New research has linked macrolide antibiotics to cardiovascular malformations in children of mothers who used it in early pregnancy.

Pregnant woman holding pill and glass of water
Researchers found macrolide prescribing during the first trimester was associated with an increased risk of any major malformation, compared with penicillin.

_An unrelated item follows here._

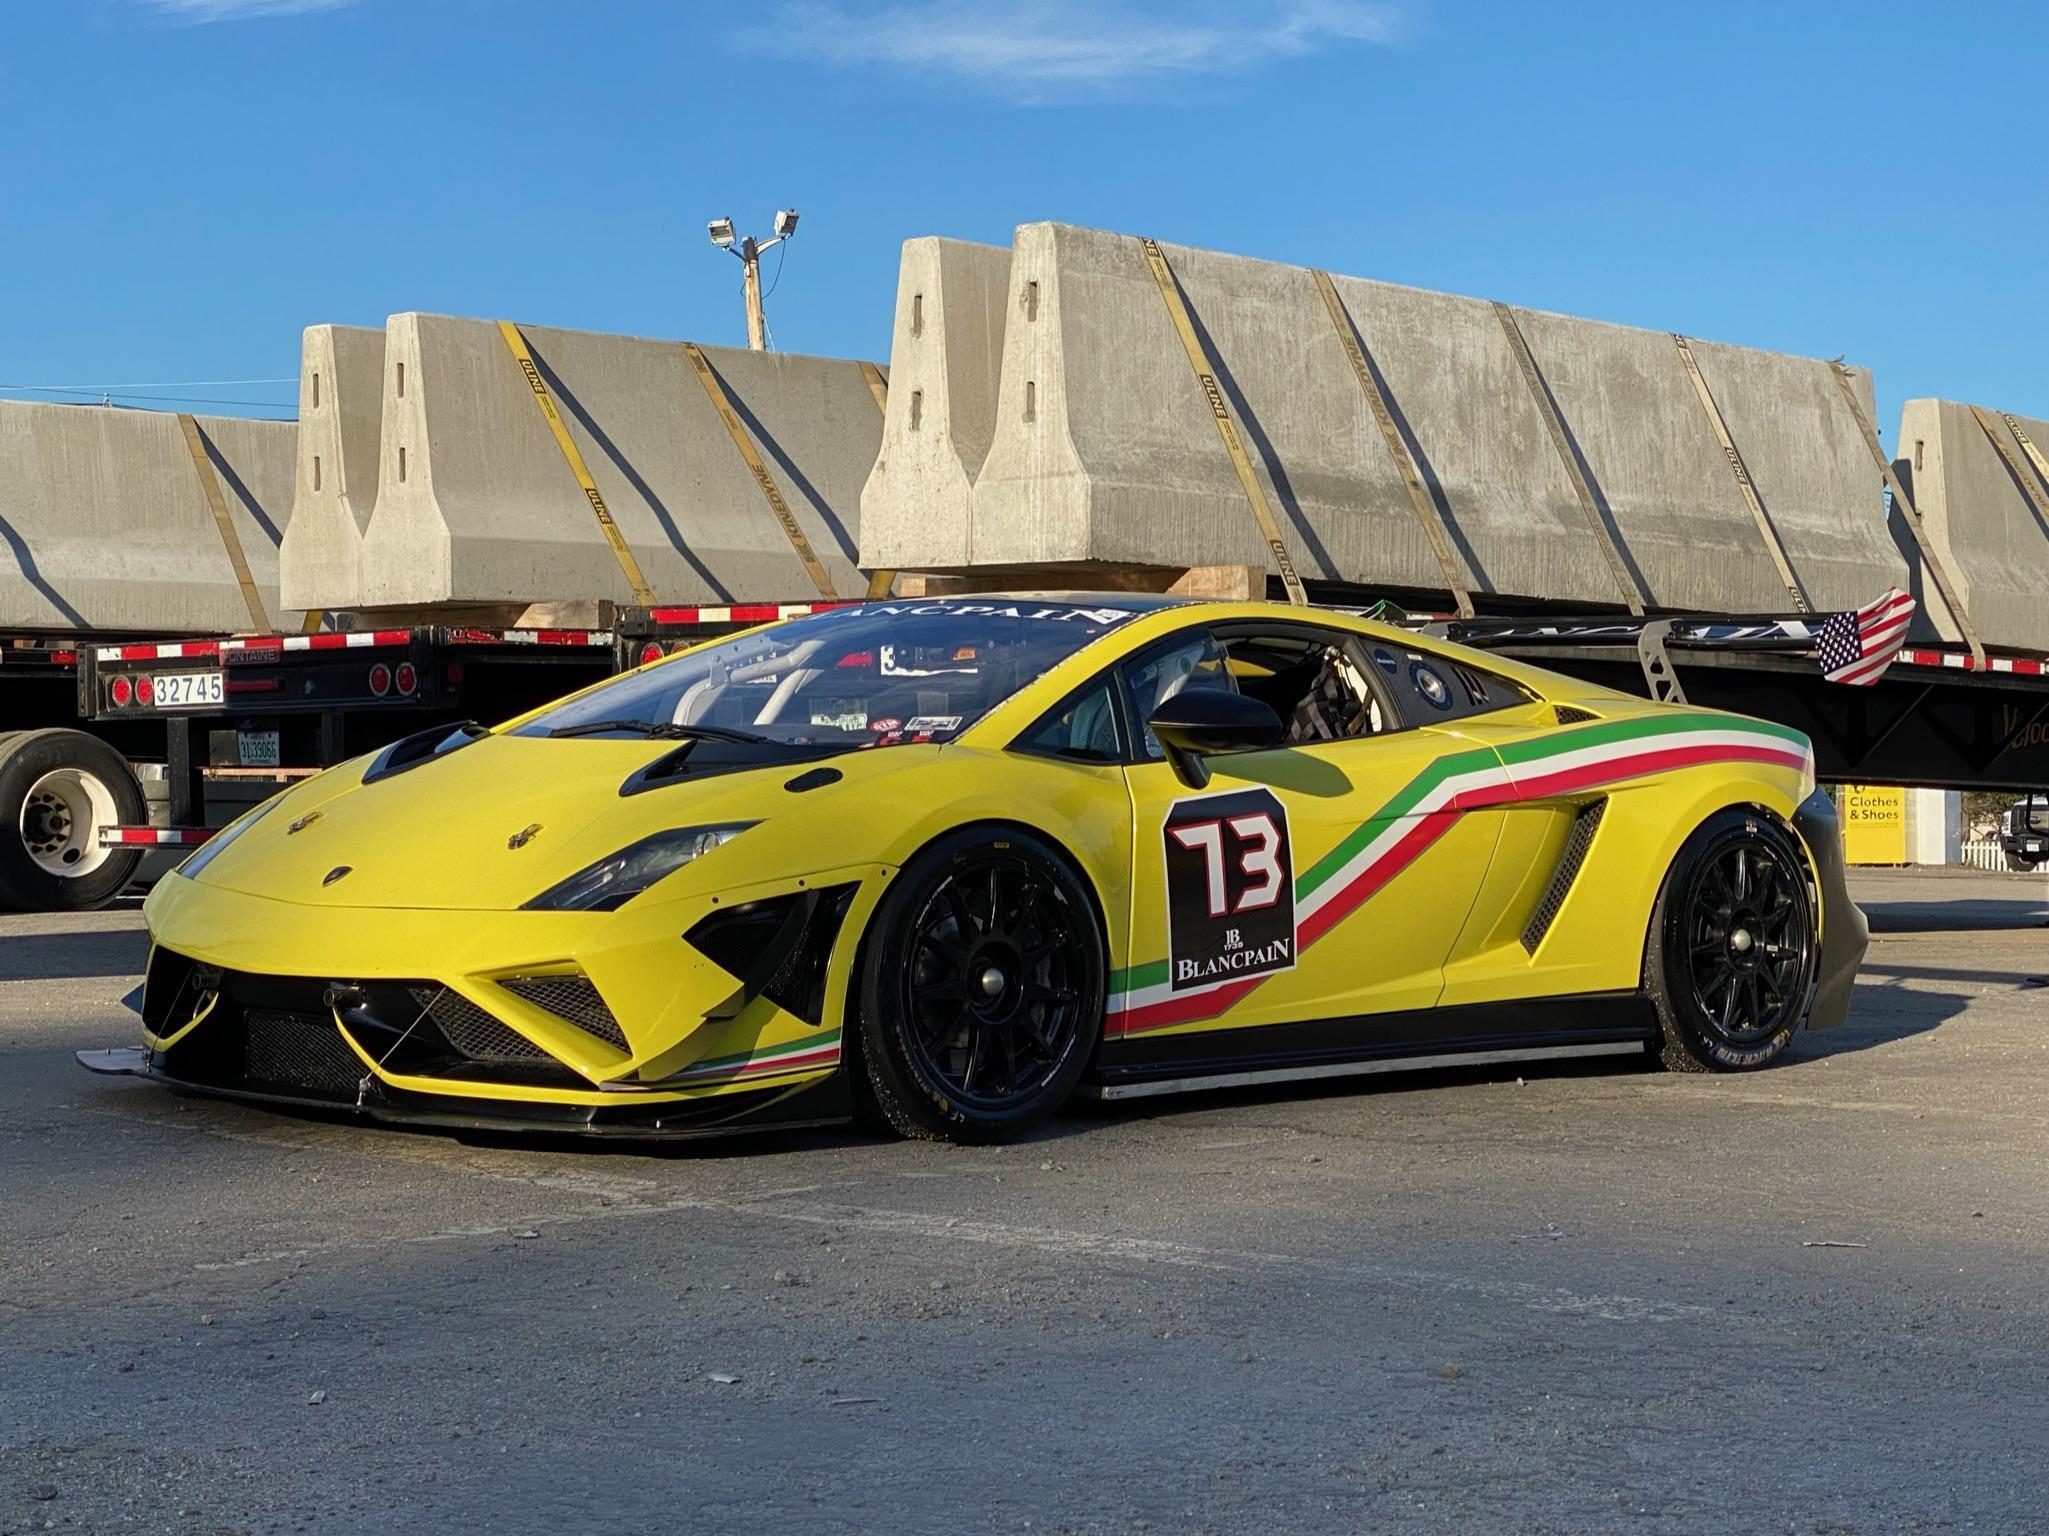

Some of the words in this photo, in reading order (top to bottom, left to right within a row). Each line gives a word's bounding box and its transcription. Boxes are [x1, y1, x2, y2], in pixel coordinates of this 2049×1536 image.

Children of mothers prescribed macrolide antibiotics during the first trimester are at an associated increased risk of major birth defects, particularly cardiovascular malformations, compared with children of mothers prescribed penicillin or no antibiotics.
Such were the findings of new research published in The BMJ.
These findings show, according to researchers, that macrolides should be used with caution during pregnancy and, if feasible, alternative antibiotics should be prescribed until further research is available.
Researchers analysed data from 104,605 children born in the UK from 1990 to 2016, with a median follow-up of 5.8 years after birth.
After taking account of potentially influential factors, the researchers found macrolide prescribing during the first trimester was associated with an increased risk of any major malformation compared with penicillin (28 versus 18 per 1000), and specifically cardiovascular malformations (11 versus seven per 1000).
These increased risks were not observed in children of mothers whose macrolides were prescribed in the second or third trimester.
However, macrolide prescribing was associated with a slightly increased risk of genital malformations, such as hypospadias, in any trimester (five versus three per 1000).
No statistically significant associations were found for other system-specific malformations, or for any of the four neurodevelopmental disorders for which the researchers were looking.
Dr Alex Polyakov is a senior lecturer in the Department of Obstetrics and Gynaecology at the University of Melbourne and a consultant obstetrician, gynaecologist and fertility specialist at the Reproductive Biology Unit at the Royal Women’s Hospital in Melbourne.
He told newsGP the absolute risk of major malformations from taking macrolide antibiotics in pregnancy is ‘small’.
In this study, he said the background risk of malformations was 1.7% – the same risk for women who had taken penicillin during pregnancy.
Meanwhile, the use of macrolides was associated with an increased absolute risk of about 2.2%.
This effect was stronger if macrolides were used in the beginning of pregnancy, before 13 weeks’ gestation, where the risk rose to 2.8%.
‘With macrolides, the risk was higher [than for penicillin] by about 60% but, at the same time, the absolute risk is really quite small; you’re looking at 1.7% versus 2.5%,’ Dr Polyakov said.
However, he said it is still a ‘significant and clinically important finding’.
Macrolide antibiotics include erythromycin, azithromycin and clarithromycin. They are commonly prescribed for patients with penicillin allergies.
According to the Therapeutic Goods Administration (TGA), erythromycin is currently category A for pregnancy, while azithromycin is category B1 and clarithromycin is category B3.
The TGA describes category A medications in pregnancy as, 
‘Drugs which have been taken by a large number of pregnant women and women of childbearing age without any proven increase in the frequency of malformations or other direct or indirect harmful effects on the fetus having been observed’.
Dr-Alex-Polyakov-article.jpgDr Alex Polyakov believes that the current category A classification of erythromycin needs to be re-evaluated.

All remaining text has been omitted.